### [Record extracts]
BEGIN

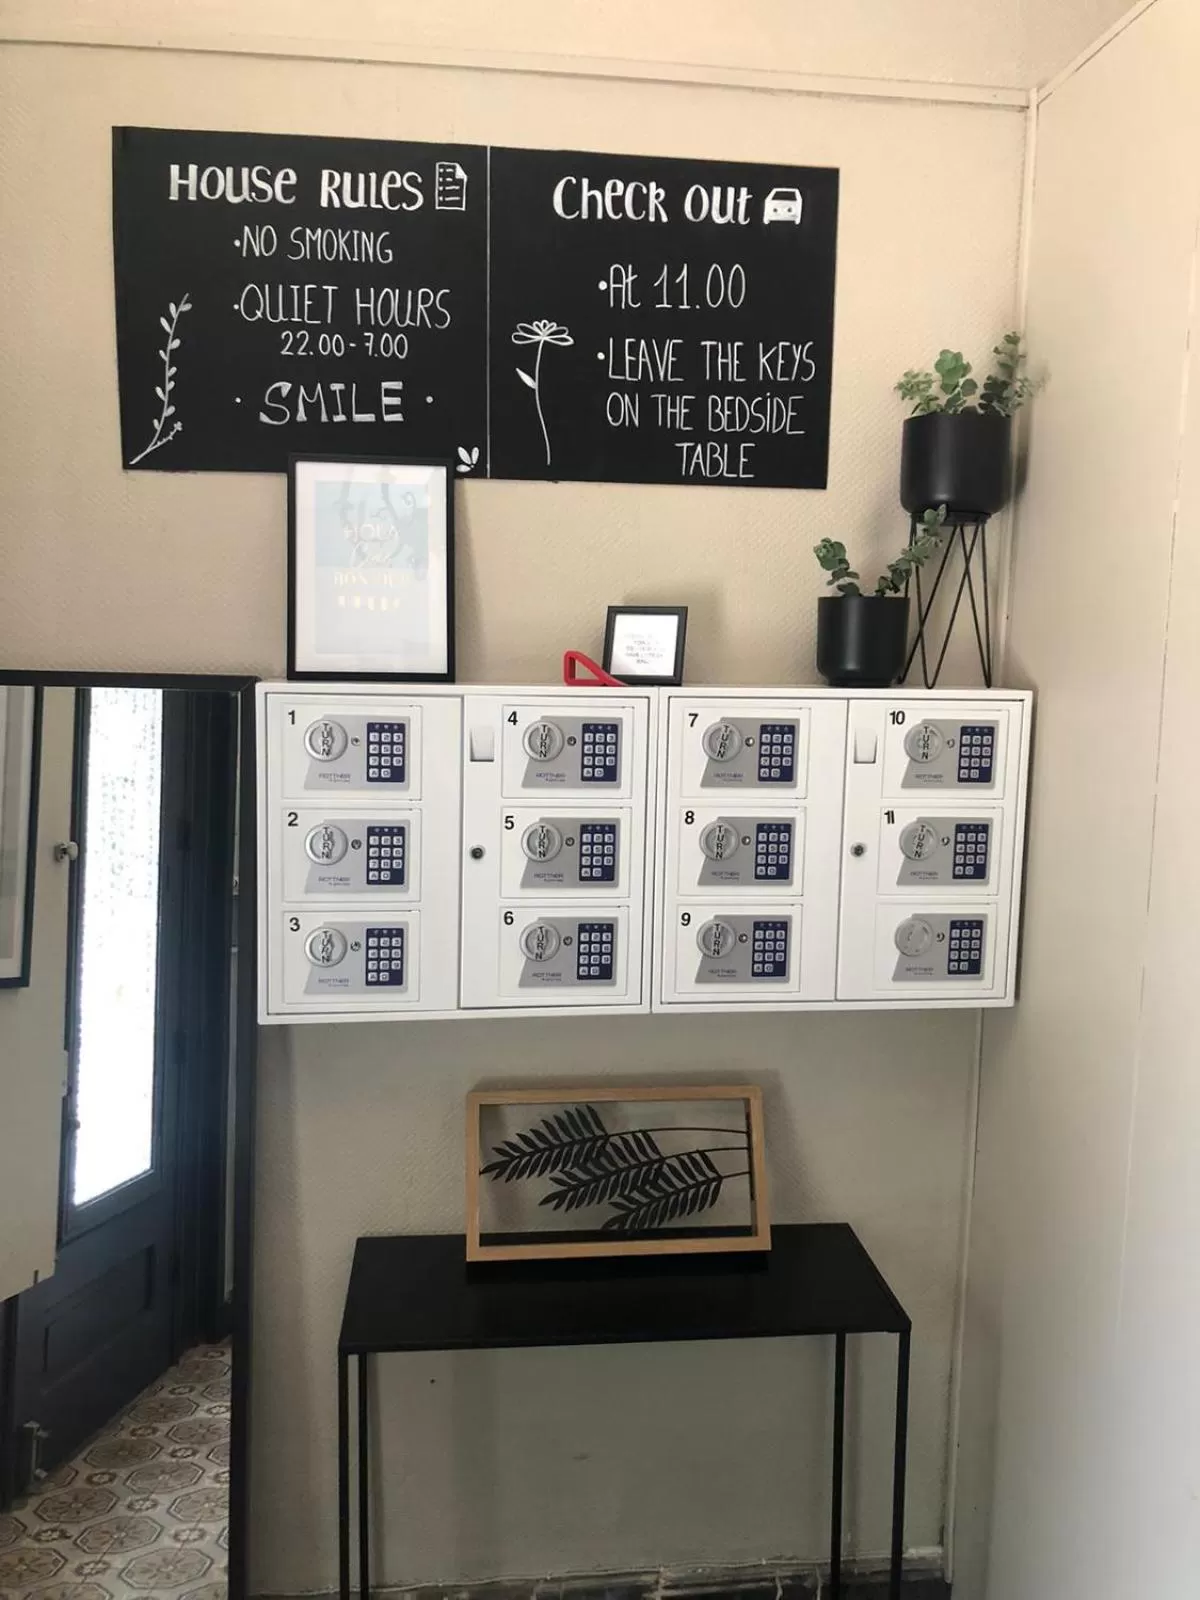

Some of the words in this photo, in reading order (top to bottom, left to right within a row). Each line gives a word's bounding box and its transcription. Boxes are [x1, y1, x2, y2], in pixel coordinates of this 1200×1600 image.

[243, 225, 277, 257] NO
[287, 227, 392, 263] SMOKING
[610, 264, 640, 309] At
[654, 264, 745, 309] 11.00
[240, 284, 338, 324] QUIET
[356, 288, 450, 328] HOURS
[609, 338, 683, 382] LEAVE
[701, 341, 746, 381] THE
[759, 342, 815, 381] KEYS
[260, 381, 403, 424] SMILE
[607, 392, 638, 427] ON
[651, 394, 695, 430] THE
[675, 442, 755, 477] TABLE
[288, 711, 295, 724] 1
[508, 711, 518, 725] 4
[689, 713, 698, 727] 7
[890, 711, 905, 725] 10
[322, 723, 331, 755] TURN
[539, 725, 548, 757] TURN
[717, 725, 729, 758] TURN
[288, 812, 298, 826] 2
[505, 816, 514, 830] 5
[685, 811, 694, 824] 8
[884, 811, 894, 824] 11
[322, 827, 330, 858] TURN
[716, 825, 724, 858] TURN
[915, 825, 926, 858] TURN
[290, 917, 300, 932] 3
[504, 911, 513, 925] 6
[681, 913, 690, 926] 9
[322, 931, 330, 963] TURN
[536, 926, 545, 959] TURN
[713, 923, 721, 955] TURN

END

### [Exercise objective]
The listing above, line by line: print it exactly, but not its pictures.

### [Answer below]
Some of the words in this photo, in reading order (top to bottom, left to right within a row). Each line gives a word's bounding box and its transcription. Boxes are [x1, y1, x2, y2], in pixel coordinates of this 1200×1600 image.

[243, 225, 277, 257] NO
[287, 227, 392, 263] SMOKING
[610, 264, 640, 309] At
[654, 264, 745, 309] 11.00
[240, 284, 338, 324] QUIET
[356, 288, 450, 328] HOURS
[609, 338, 683, 382] LEAVE
[701, 341, 746, 381] THE
[759, 342, 815, 381] KEYS
[260, 381, 403, 424] SMILE
[607, 392, 638, 427] ON
[651, 394, 695, 430] THE
[675, 442, 755, 477] TABLE
[288, 711, 295, 724] 1
[508, 711, 518, 725] 4
[689, 713, 698, 727] 7
[890, 711, 905, 725] 10
[322, 723, 331, 755] TURN
[539, 725, 548, 757] TURN
[717, 725, 729, 758] TURN
[288, 812, 298, 826] 2
[505, 816, 514, 830] 5
[685, 811, 694, 824] 8
[884, 811, 894, 824] 11
[322, 827, 330, 858] TURN
[716, 825, 724, 858] TURN
[915, 825, 926, 858] TURN
[290, 917, 300, 932] 3
[504, 911, 513, 925] 6
[681, 913, 690, 926] 9
[322, 931, 330, 963] TURN
[536, 926, 545, 959] TURN
[713, 923, 721, 955] TURN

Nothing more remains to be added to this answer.